Mais il fut une époque, j’approchais alors de mes vingt ans, où, familiarisé avec les traités mystiques de St. Jean de la Croix, Ste Thérèse d’Avila, Henry Suso, etc… et les vies de divers Saints, je m’identifiais aux « Fils du Tonnerre », visant rien moins que le sommet. J’ai même adhéré pendant deux ans à un ordre religieux.

Et j’étais impressionné par la prédiction de St. Louis de Montfort selon laquelle, vers la fin des temps, les plus grands saints seraient suscités par la dévotion à la Vierge Marie. Ainsi, à notre ère nucléaire, (trotte, mon imagination), et avec tout ce qui se disait des armements dignes du jugement dernier, on pouvait bien approcher de la « fin des temps », et les sommets spirituels pouvaient bien être au coin de la rue, avec un petit coup de main de Marie.

Mais je comprends mieux maintenant la réponse de Jésus à cette requête « pouvez-vous boire la coupe que je vais boire? (Mt 20 : 22) Et qui pourrait endurer les souffrances subies par Jésus — ou même par Jacques et Jean. Compte-tenu de tout celà, et n’étant pas grand amateur de souffrance, je me contenterais maintenant de la plus petite place au paradis — même tout contre la grille.

Dans la Divine Comédie, Dante a une vision de la plus petite place au paradis, dans le Chant III du « Paradisio ». Les habitants qu’il y rencontre sont des nonnes, des moines, ou autres, qui ont prononcé des vœux solennels envers Dieu, mais, en raison des circonstances, ne les ont pas réalisés. Le problème est que, les circonstances devenant favorables, ils n’ont pas fourni l’effort nécessaire au retour vers la situation de leurs premiers vœux.

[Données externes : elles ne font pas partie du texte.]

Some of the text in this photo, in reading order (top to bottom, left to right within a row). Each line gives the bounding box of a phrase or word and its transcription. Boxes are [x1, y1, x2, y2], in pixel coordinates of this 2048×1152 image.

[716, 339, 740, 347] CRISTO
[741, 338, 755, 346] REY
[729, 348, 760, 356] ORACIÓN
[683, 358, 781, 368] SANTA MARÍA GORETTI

Dante remarque leur condition inférieure dans le paradis, et leur demande s’ils souhaiteraient une meilleure situation. Ils répondent être quasi-débordants de bonheur, autant qu’ils peuvent en avoir. Naturellement, c’est un aspect intrinsèque du bonheur céleste propre à chacun — aucun désir n’est insatisfait, comme le remarque l’un d’eux : «notre paix se trouve dans Sa Volonté.»

Il va sans dire que la plus petite place au paradis est certainement meilleure que ce que Dante voit comme ce qu’on pourrait appeler le « vestibule » de l’enfer (pas tout-à-fait à l’intérieur du « premier cercle »). Dante rencontre une foule d’âmes indifférentes — qui n’ont jamais su faire la différence entre le bien et le mal. Ils se trouvent dans une ornière (avec y-compris des « anges neutres ») ayant la récompense méritée, car ni le ciel ni l’enfer n’accepte ceux qui « restaient assis au bord du chemin ».

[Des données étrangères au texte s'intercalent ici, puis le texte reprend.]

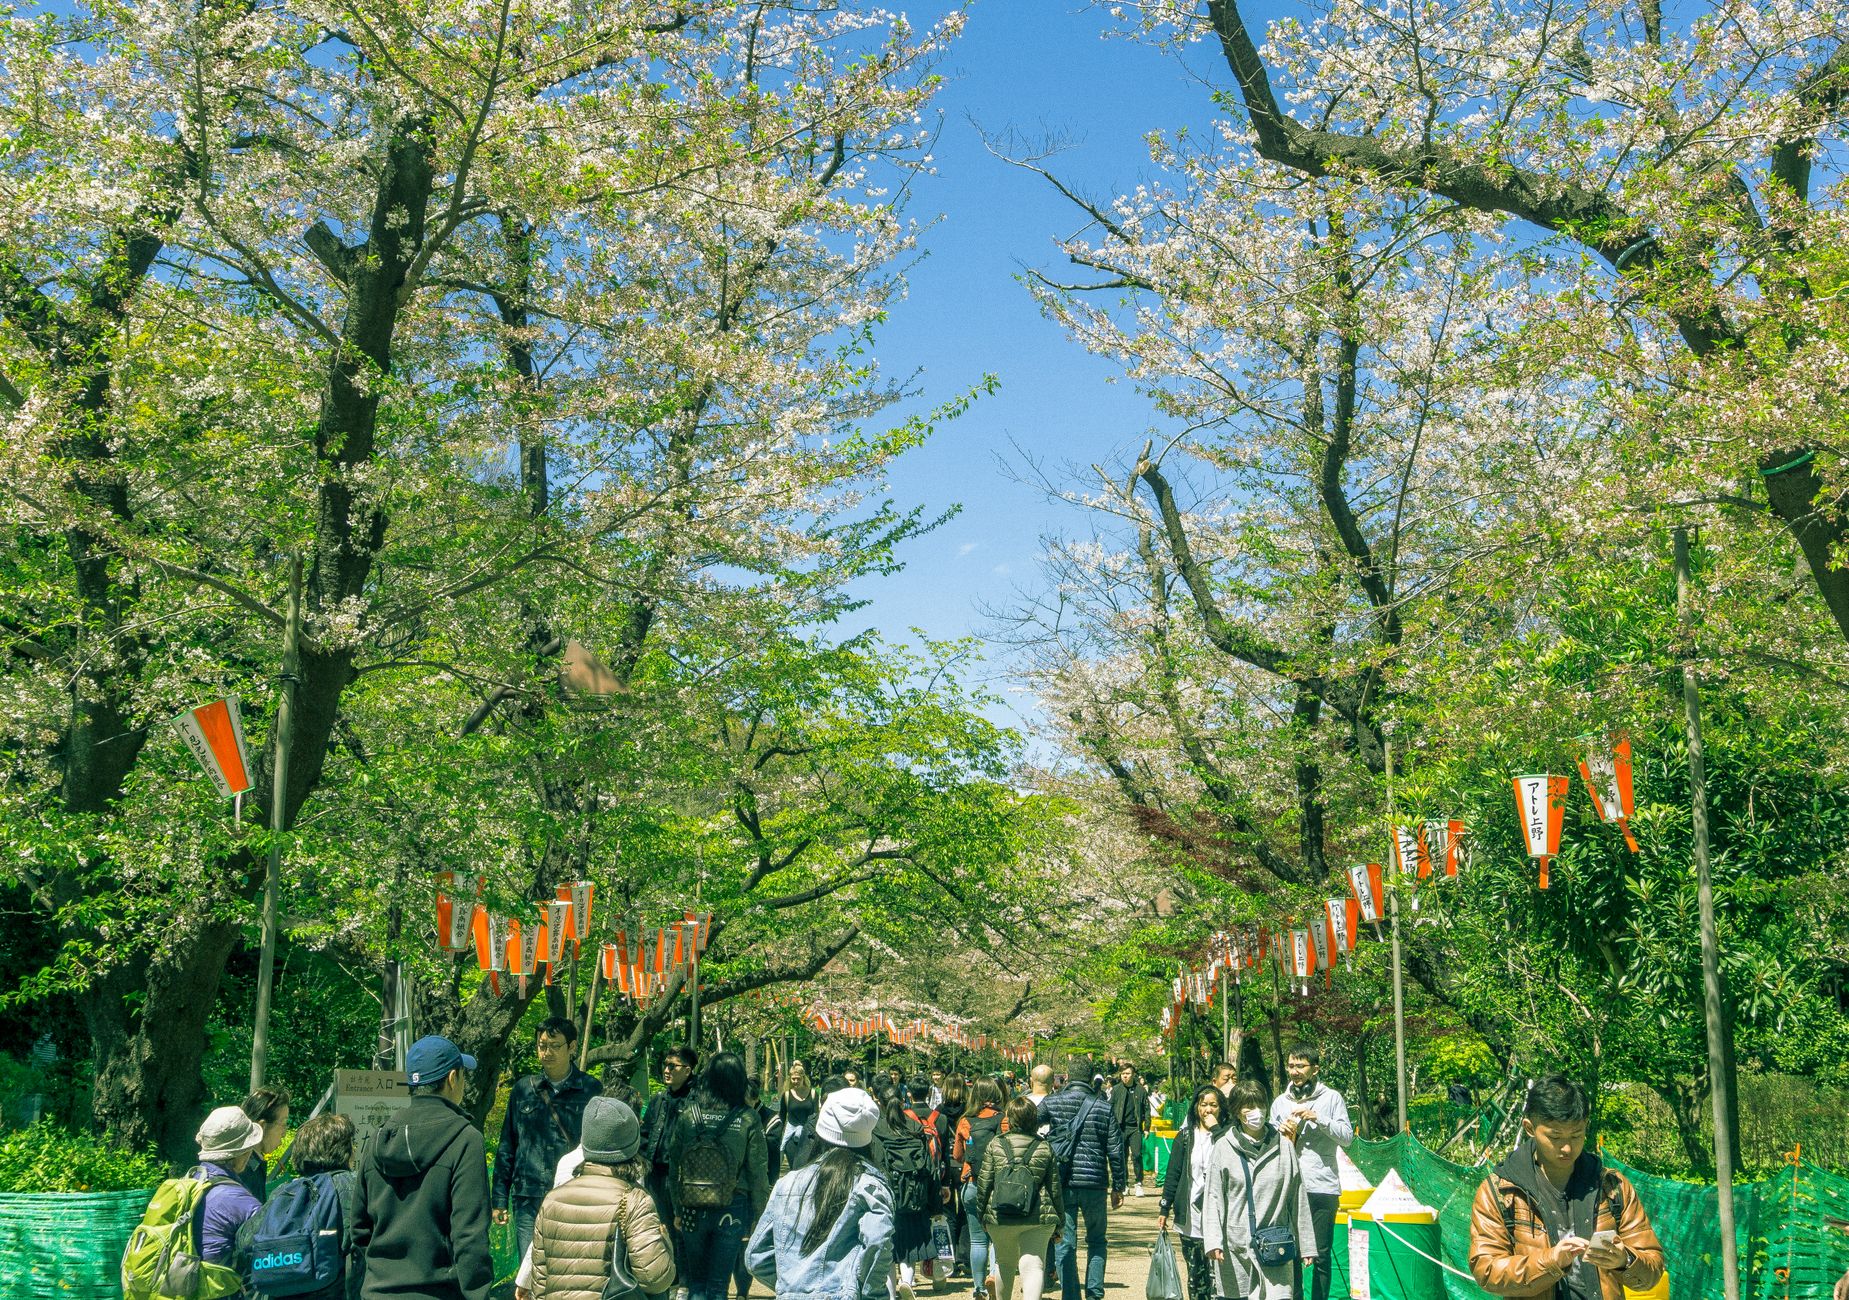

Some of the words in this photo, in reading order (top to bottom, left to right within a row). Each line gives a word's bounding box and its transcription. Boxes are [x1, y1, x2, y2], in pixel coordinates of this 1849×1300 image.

[1527, 782, 1544, 841] アトレ上野
[1355, 871, 1371, 909] アトレ上野
[1332, 903, 1345, 941] アトレ上野
[1296, 934, 1306, 969] アトレ上野
[1314, 924, 1326, 958] アトレ上野
[346, 1083, 373, 1092] Entrance
[376, 1078, 394, 1090] 入口
[253, 1252, 303, 1270] adidas

Leur sort me fait penser à la parabole des talents (Mt 25 : 14 – 30) et au triste individu avec son talent, qu’il choisit d’enterrer plutôt que l’employer ou en faire mauvais usage. Je pense aussi à la mise en garde de Jésus dans l’Apocalypse au sujet de la prise de décision — sois chaud ou froid, mais pas tiède (Ap 3 : 15-16).

Je trouve pourtant étrange que ces âmes pitoyables semblent hébergées au-dessus du premier cercle de l’enfer (les Limbes), là où se trouvent divers éminents païens tels qu’Aristote, Platon, Socrate, Homère, César, et Virgile lui-même — qui sait s’ils ressentent l’absence de la gloire surnaturelle du paradis, vivent dans une douce pénombre, mais ne semblent autrement pas soumis à de grands tourments.

Comme j’ai pris de l’âge, et commis bien des erreurs, j’ai commencé à saisir plus nettement ce que Jésus voulait dire en répondant à l’équipe Jacques et Jean : « vous ne savez pas ce que vous demandez.» En d’autre termes la clé d’attribution de degrés dans la bénédiction du Père dans l’au-delà implique de grandes gorgées bues à la coupe de souffrances. Mes articulations pleines d’arthrose et autres misères physiques me font sentir la difficulté à recouvrer cet enthousiasme spirituel de la jeunesse qui mène les croyants vers les étoiles. Voudrais-je me mesurer aux grands martyrs? — St. Laurent sur le gril, St. Jean dans l’huile bouillante, St. Barthélémy écorché vif, etc… Ou à ces grands ascètes, tels St. Siméon stylite vivant au sommet d’une colonne, ou l’adolescent St. Antoine se retirant dans le désert pour y vivre jusqu’à l’âge de 105 ans.

Je pourrais bien suivre le « petit chemin » de Ste Thérèse de Lisieux, si je savais maîtriser mon sale caractère et autres handicaps moraux. Mais en définitive, j’assimilerais mon cas à celui de cette héroïne de Flannery O’Connor dans la nouvelle « A Temple of the Holy Ghost » (Un Temple de l’Esprit Saint), qui « ne pourrait jamais être une sainte, mais …. pensait qu’elle pourrait être une martyre pourvu qu’on la tue rapidement.»

J’éprouve une saine propension à distinguer le bien du mal, et je ne pense pas être comme ces âmes indifférentes gémissant dans le vestibule de l’enfer.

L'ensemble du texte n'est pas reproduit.